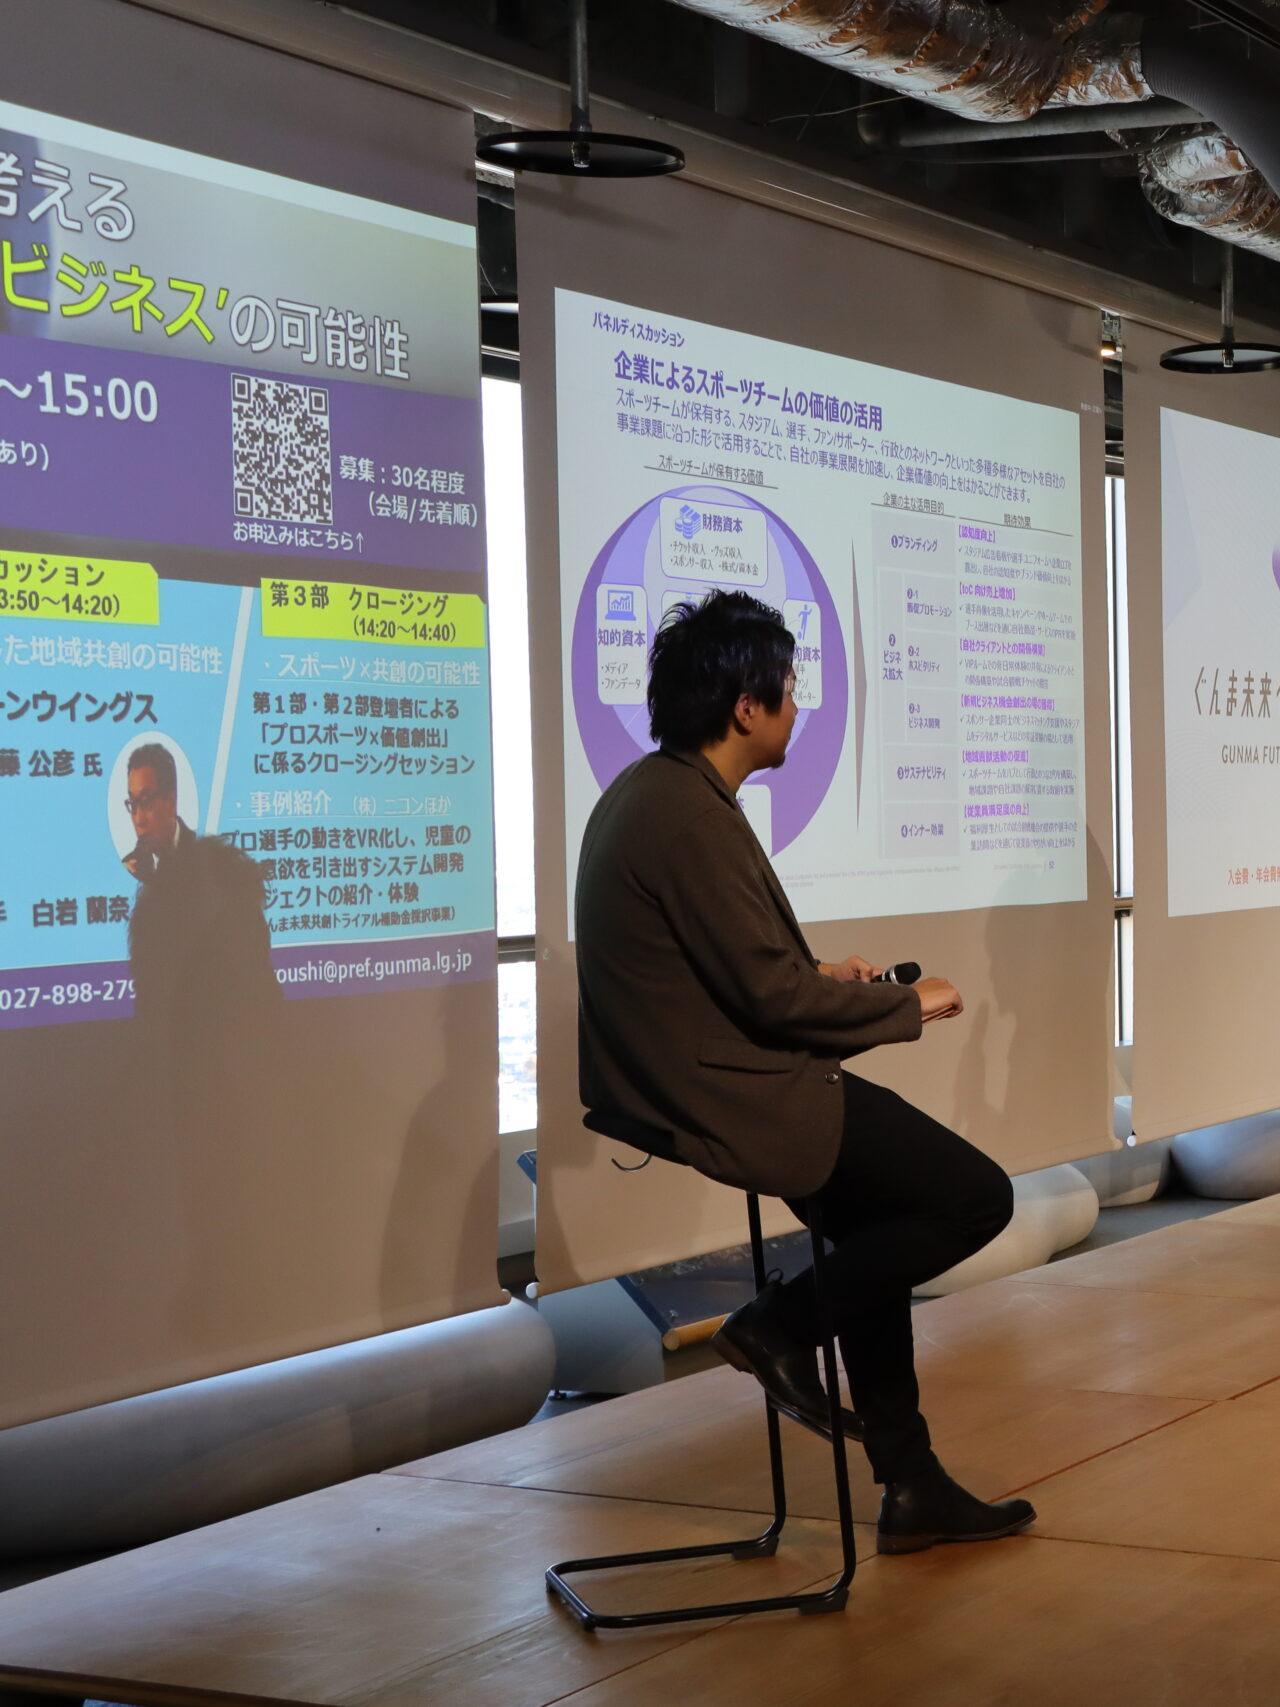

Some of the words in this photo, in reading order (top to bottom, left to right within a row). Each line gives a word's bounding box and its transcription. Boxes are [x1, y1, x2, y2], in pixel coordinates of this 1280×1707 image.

[593, 311, 685, 347] パネルディスカッション
[613, 350, 883, 432] 企業によるスポーツチームの価値の活用
[657, 455, 764, 485] スポーツチームが保有する価値
[882, 491, 944, 515] 企業の主な活用目的
[702, 513, 743, 533] 財務資本
[348, 587, 448, 619] クロージング
[597, 629, 646, 648] 知的資本
[0, 690, 158, 724] ンウイングス
[28, 749, 75, 778] 公彦
[83, 752, 103, 777] 氏
[254, 750, 475, 776] に係るクロージングセッション
[1221, 745, 1260, 765] GUNMA
[32, 897, 78, 927] 白岩
[273, 949, 472, 984] oushi@pref.gunma.lg.jp
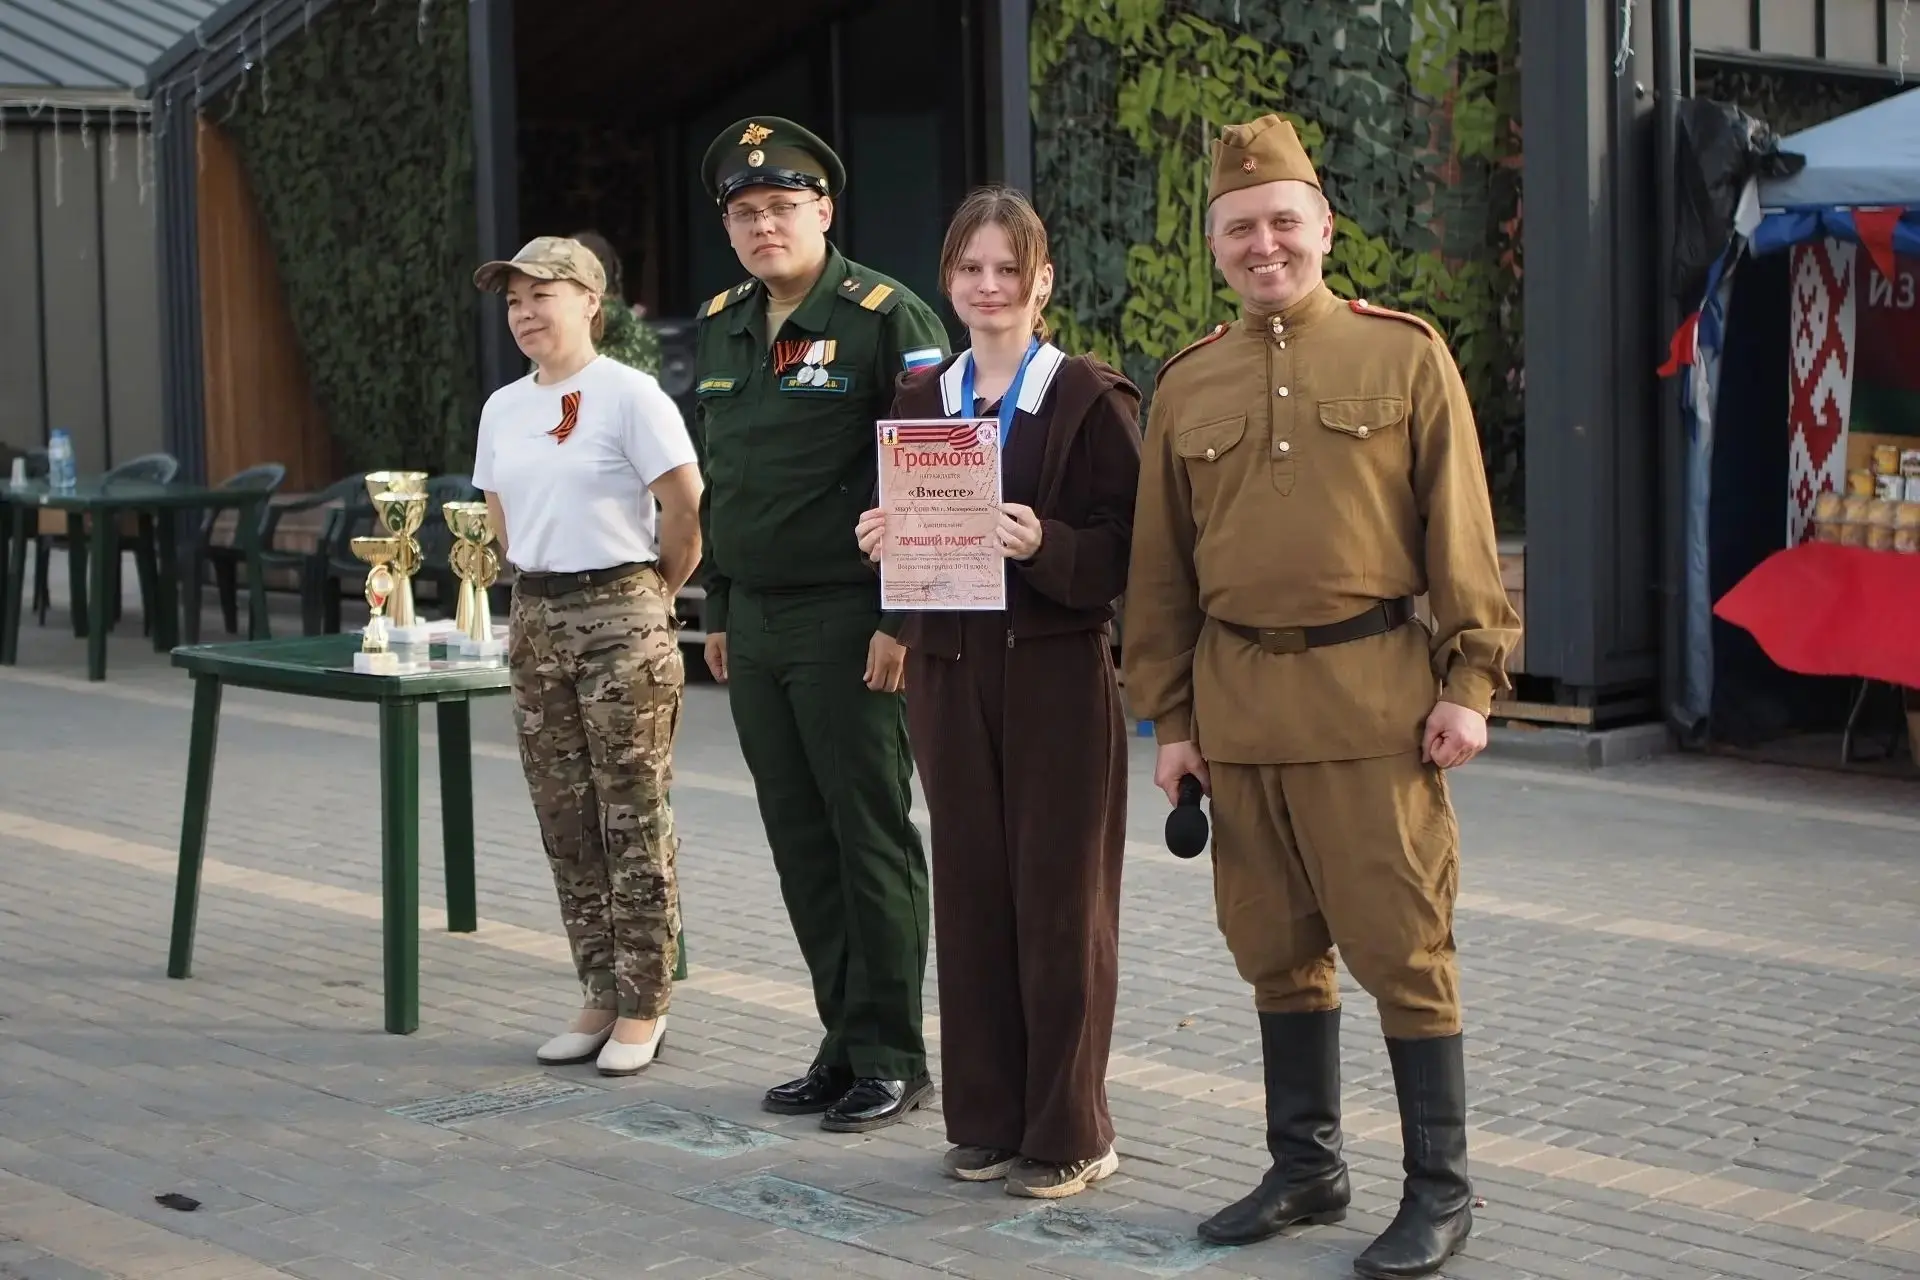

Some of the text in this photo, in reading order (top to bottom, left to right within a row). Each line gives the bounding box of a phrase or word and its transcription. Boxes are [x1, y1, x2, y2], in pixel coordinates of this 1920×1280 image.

[1869, 268, 1915, 310] ИЗ
[893, 447, 986, 473] Грамота
[908, 486, 974, 498] «Вместе»
[895, 534, 986, 547] "ЛУЧШИЙ РАДИСТ"

- [Task requirements]: Transcribe every entry exactly, omitting pictures.

- [Answer area]:
Some of the words in this photo, in reading order (top to bottom, left to right within a row). Each line gives a word's bounding box and its transcription. Boxes are [x1, y1, x2, y2], in pixel coordinates of this 1280×1707 image.

[593, 311, 685, 347] パネルディスカッション
[613, 350, 883, 432] 企業によるスポーツチームの価値の活用
[657, 455, 764, 485] スポーツチームが保有する価値
[882, 491, 944, 515] 企業の主な活用目的
[702, 513, 743, 533] 財務資本
[348, 587, 448, 619] クロージング
[597, 629, 646, 648] 知的資本
[0, 690, 158, 724] ンウイングス
[28, 749, 75, 778] 公彦
[83, 752, 103, 777] 氏
[254, 750, 475, 776] に係るクロージングセッション
[1221, 745, 1260, 765] GUNMA
[32, 897, 78, 927] 白岩
[273, 949, 472, 984] oushi@pref.gunma.lg.jp

Some of the text in this photo, in reading order (top to bottom, left to right within a row). Each line gives the bounding box of a phrase or word and its transcription. Boxes are [x1, y1, x2, y2], in pixel coordinates of this 1920×1280 image.

[1869, 268, 1915, 310] ИЗ
[893, 447, 986, 473] Грамота
[908, 486, 974, 498] «Вместе»
[895, 534, 986, 547] "ЛУЧШИЙ РАДИСТ"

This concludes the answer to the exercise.